Just like any film based on a book has major differences between the book and the movie, James Whale’s work was no different. There are major differences between the book and the film than there are similarities. Most of these differences were exhibited in the monster itself. The movie producer implanted changes to the story, which gave it a better flow (Berardinelli).

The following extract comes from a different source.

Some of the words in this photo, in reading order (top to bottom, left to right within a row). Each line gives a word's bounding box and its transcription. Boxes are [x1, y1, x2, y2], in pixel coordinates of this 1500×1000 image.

This movie has events that are quite different from those in the book. Most of the features in the film are totally different from the way they were presented in the book. For instance, one of the most outstanding differences was on how the monster grew wild and killed everyone as he wished. It is also found that the monster was given an abnormal brain. The most probable reason as to why the monster was killing people was because he had an atypical brain, not necessarily that he hated people (LeFevre). In Shelley’s book, the monster’s behavior resulted from a well calculated decision he made after he was abandoned and mistreated because of his inhuman nature. However, the creature’s wild and inhuman nature in the movie resulted from a defective brain that Fritz gave to him. Nevertheless, the monster is also found to empathize with Maria, and in fact he went ahead to save her from drowning, although he did not succeed (Berardinelli). This event depicted a human aspect in the monster.

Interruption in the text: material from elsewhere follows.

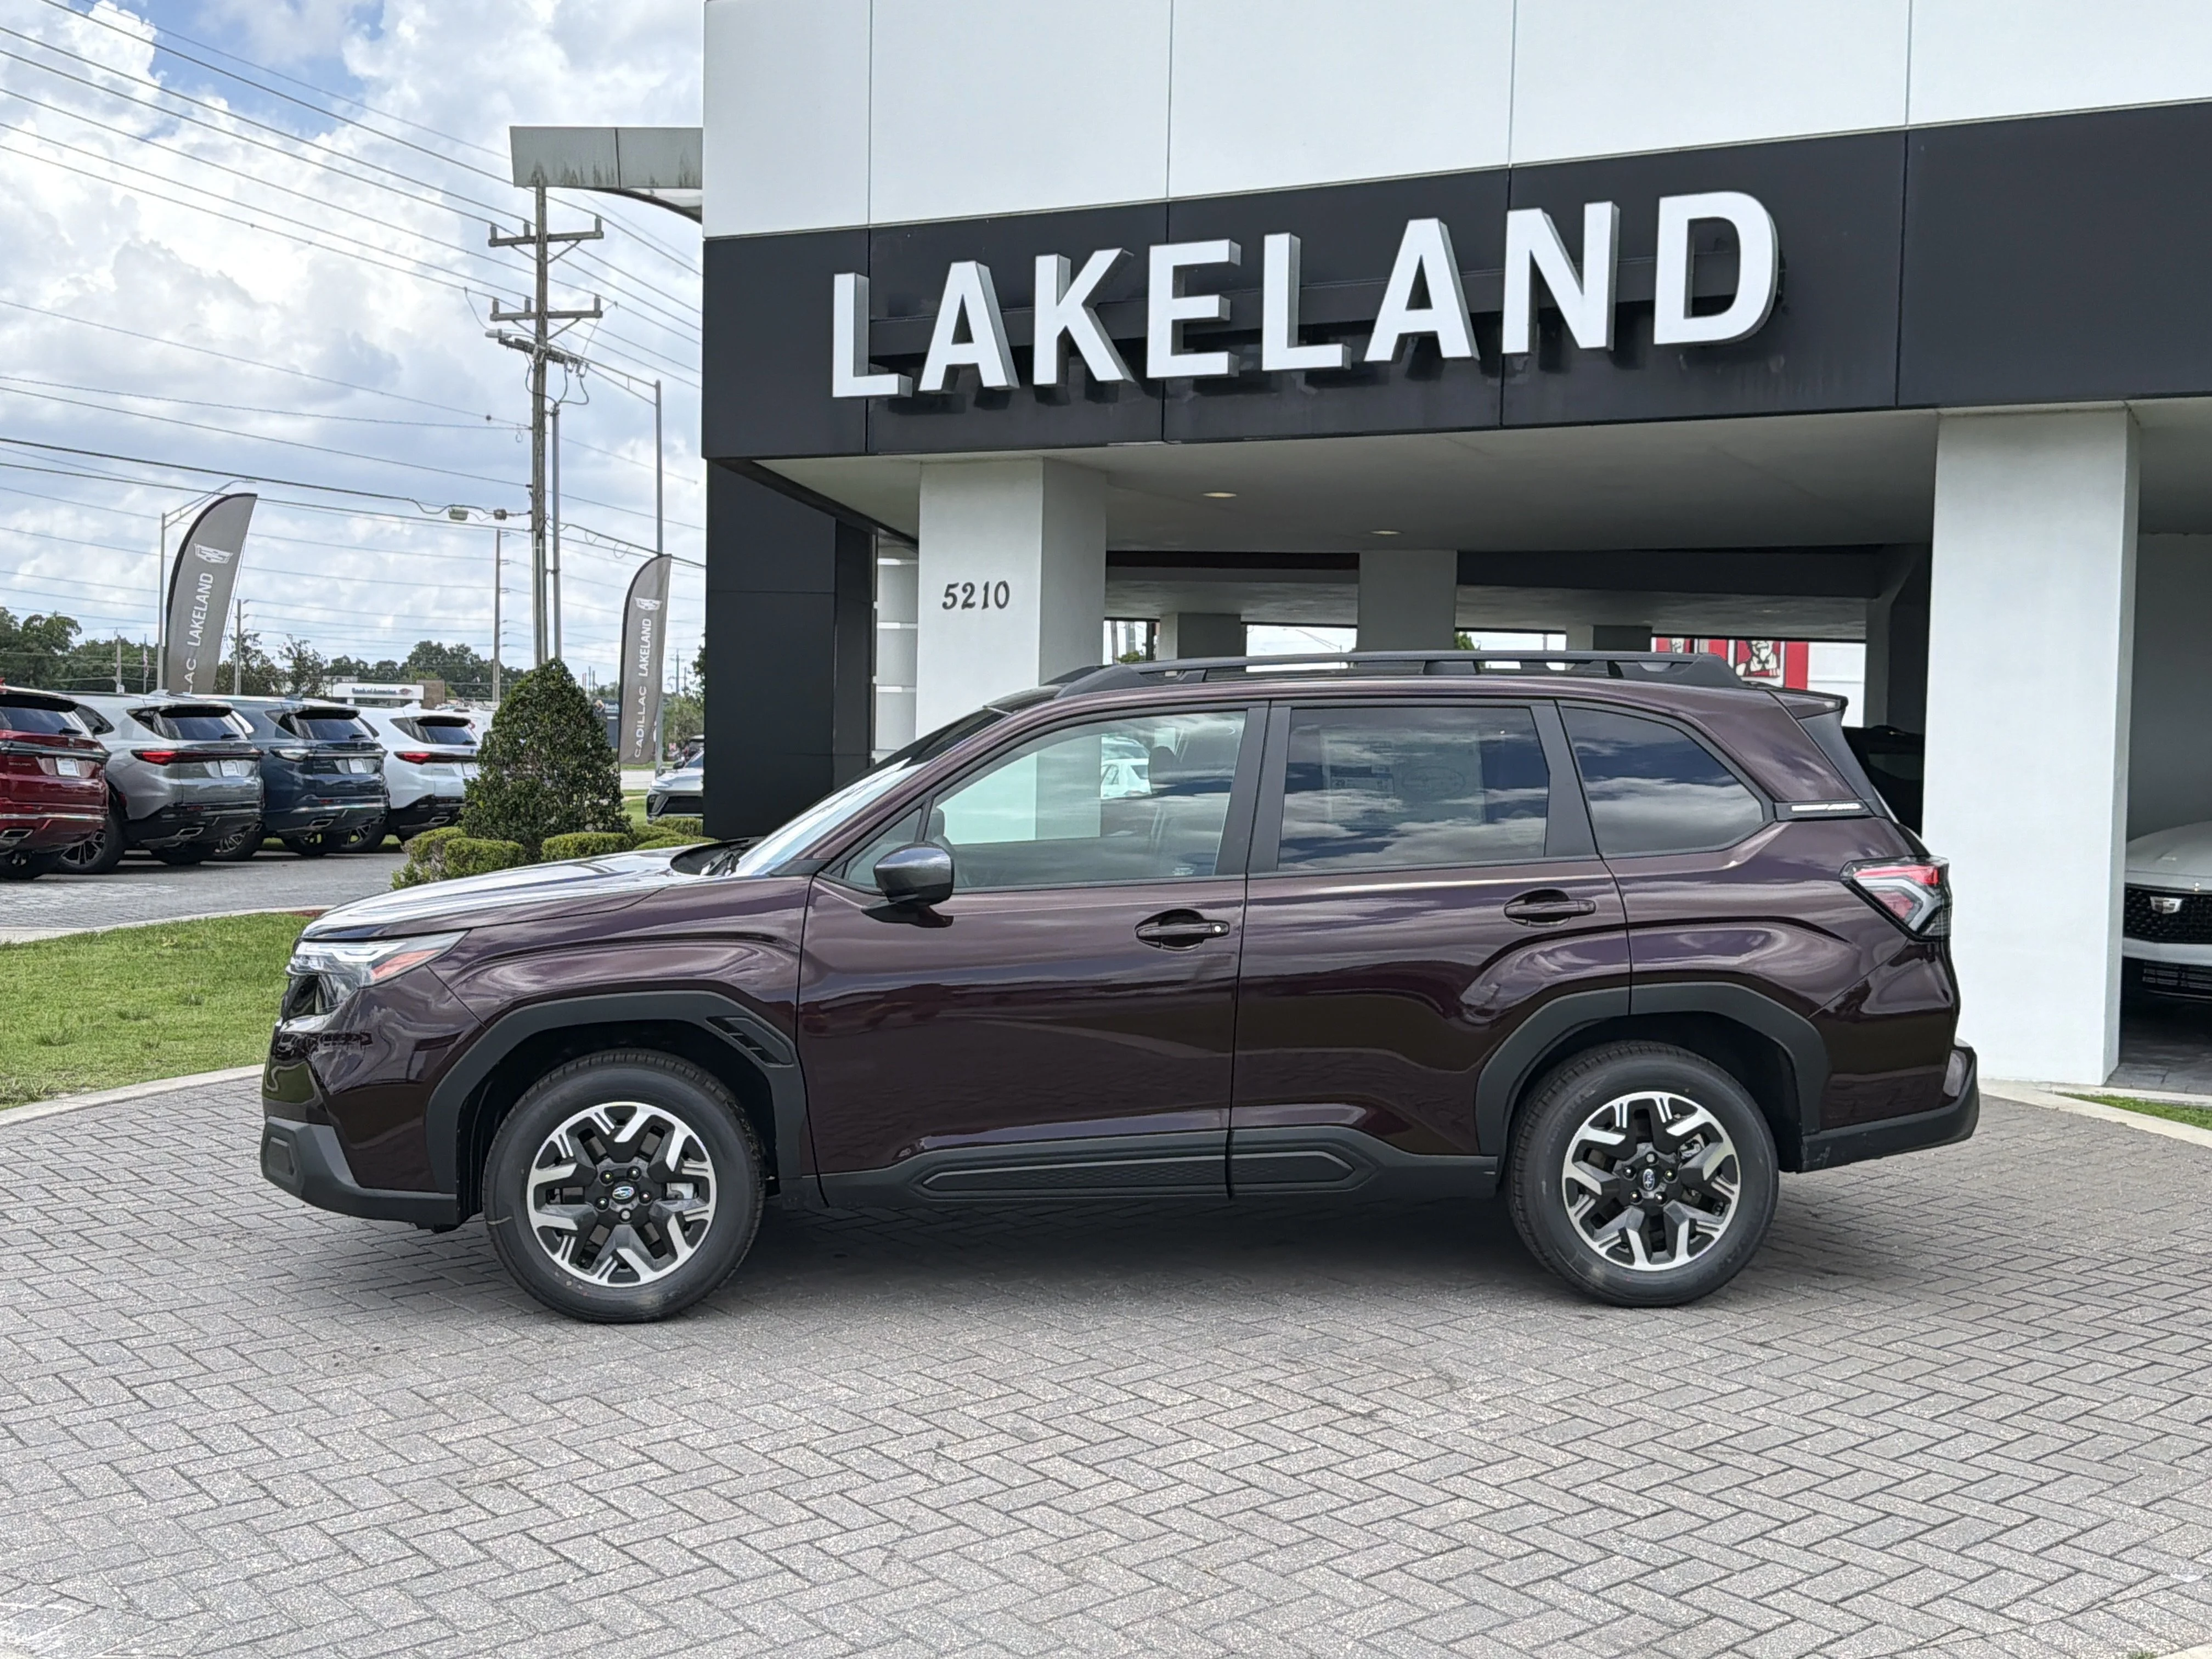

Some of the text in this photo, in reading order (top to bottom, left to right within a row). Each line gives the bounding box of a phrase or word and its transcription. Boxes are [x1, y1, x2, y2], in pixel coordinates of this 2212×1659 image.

[832, 191, 1779, 398] LAKELAND
[187, 573, 213, 646] LAKELAND
[942, 580, 1010, 610] 5210
[634, 618, 652, 758] CADILLAC LAKELAND

Also, the main character in the movie is bears different names from the one in the book. Although the protagonist in both cases is Dr. Frankenstein, he is named as Victor in the book and Henry in the movie. Nevertheless, the book and the movie depict the same story on creation of the monster, although the film gives it in a more detailed manner (Berardinelli). Another difference is found when the monster intends to kill Elizabeth. In the book, the creature kills Elizabeth just before she gets married. However, in the movie, Elizabeth managed to escape from the attack and the people colluded to murder the monster (HALL). According to the book, Frankenstein’s father died after he realized that his son’s fiancée was killed. Afterwards, Frankenstein hunted the creature to kill it for the damage it had caused. He however died from a disease while in a boat to North Pole. Upon learning about Frankenstein’s death, the creature decided to head to North Pole and kill himself, although we are not told whether he actually did so.

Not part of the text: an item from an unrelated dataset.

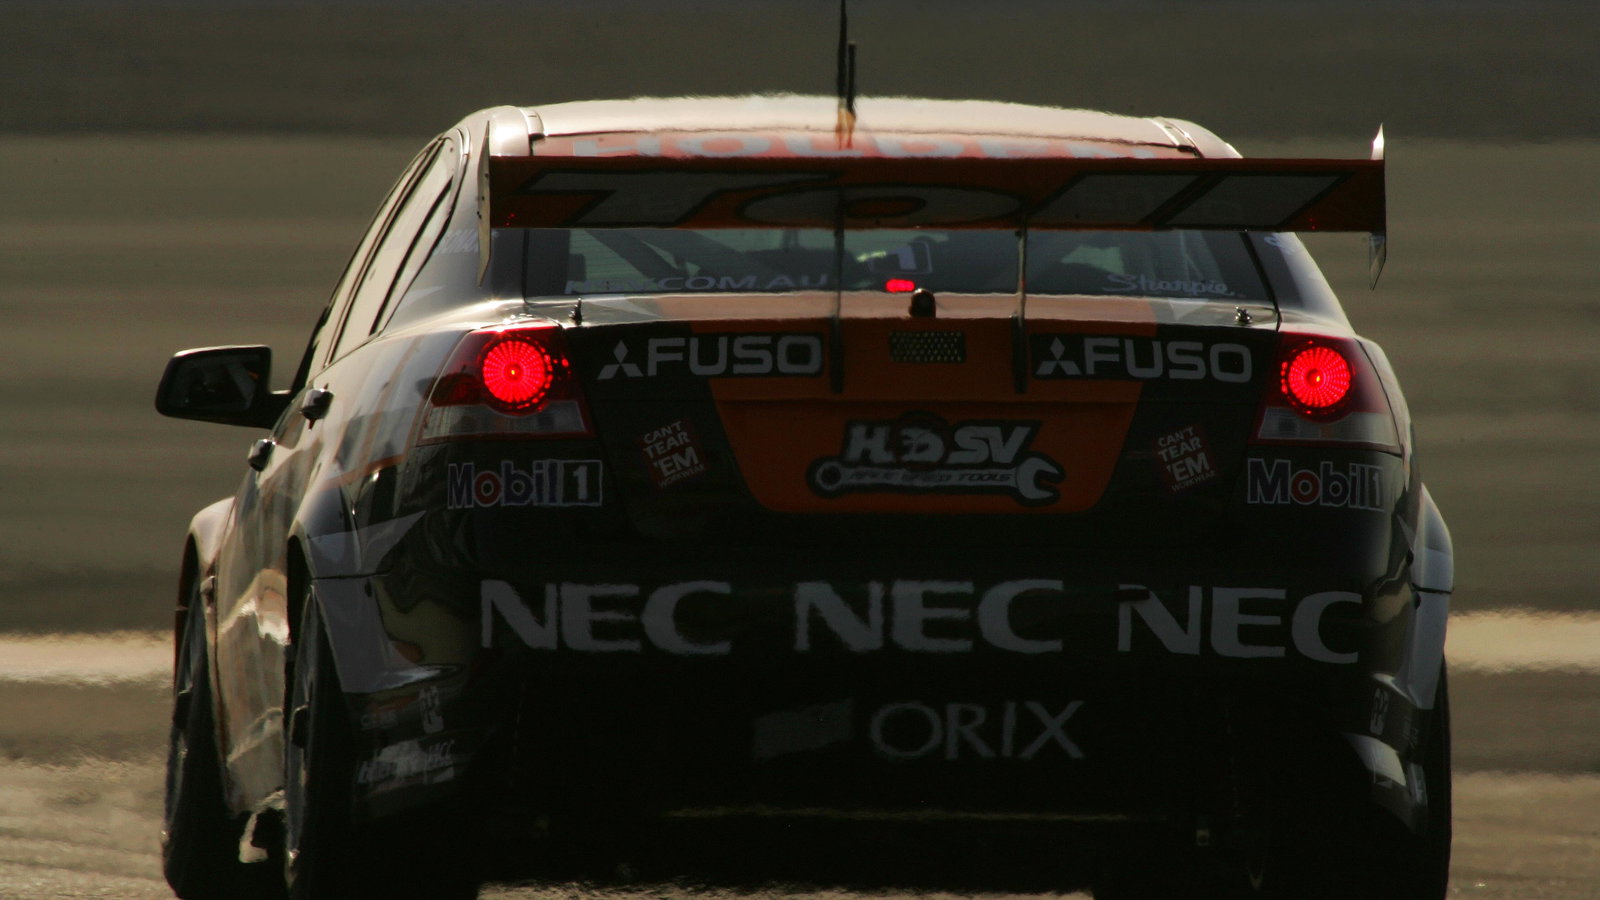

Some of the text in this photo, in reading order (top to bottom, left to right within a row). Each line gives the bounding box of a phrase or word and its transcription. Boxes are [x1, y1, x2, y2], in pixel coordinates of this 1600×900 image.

The film helped to bring out an artistic aspect of the scene in which the main character bound power of the lightning to cause his creature gain life in a much better way than in the book. The book illustrated how Frankenstein did this in seclusion, but in the film, he was in the company of Fritz and his fiancée. As a matter of fact, the book gave only an obscure description of the process of creating the monster but the film gave an explicit illustration of this process. The film gave rich details of how the process of creating the monster was done (Berardinelli). The audience is shown how the protagonist exhumed recently dead bodies and extracted their body parts to form a new creature. The creature was later brought to life through an enormous release of electricity energy from a lightning bolt.
Another difference is seen in the elocution of the monster’s speech. In Shelley’s novel, the monster learns how to speak early modern English, something that he attained through his experience in reading classic literature (Berardinelli). However, in James Whale’s film, the monster is completely speechless although he is heard grunting.
As mentioned earlier on, the creature’s hostility in the book is owed to the way in which he was neglected by humans who alleged him of inhumane behavior. However, in the film, his hostility is a result of Frankenstein’s mistake of providing him with a defective brain. The monster was not expected to behave less differently because the creator had made it have an imperfect brain. Therefore, I concur with the argument that the creature was forsaken by the main character in the film. He was abandoned by his creator out of his unpleasant look. He therefore fights back and causes havoc in the city, and ends up taking almost everything he that Frankenstein had.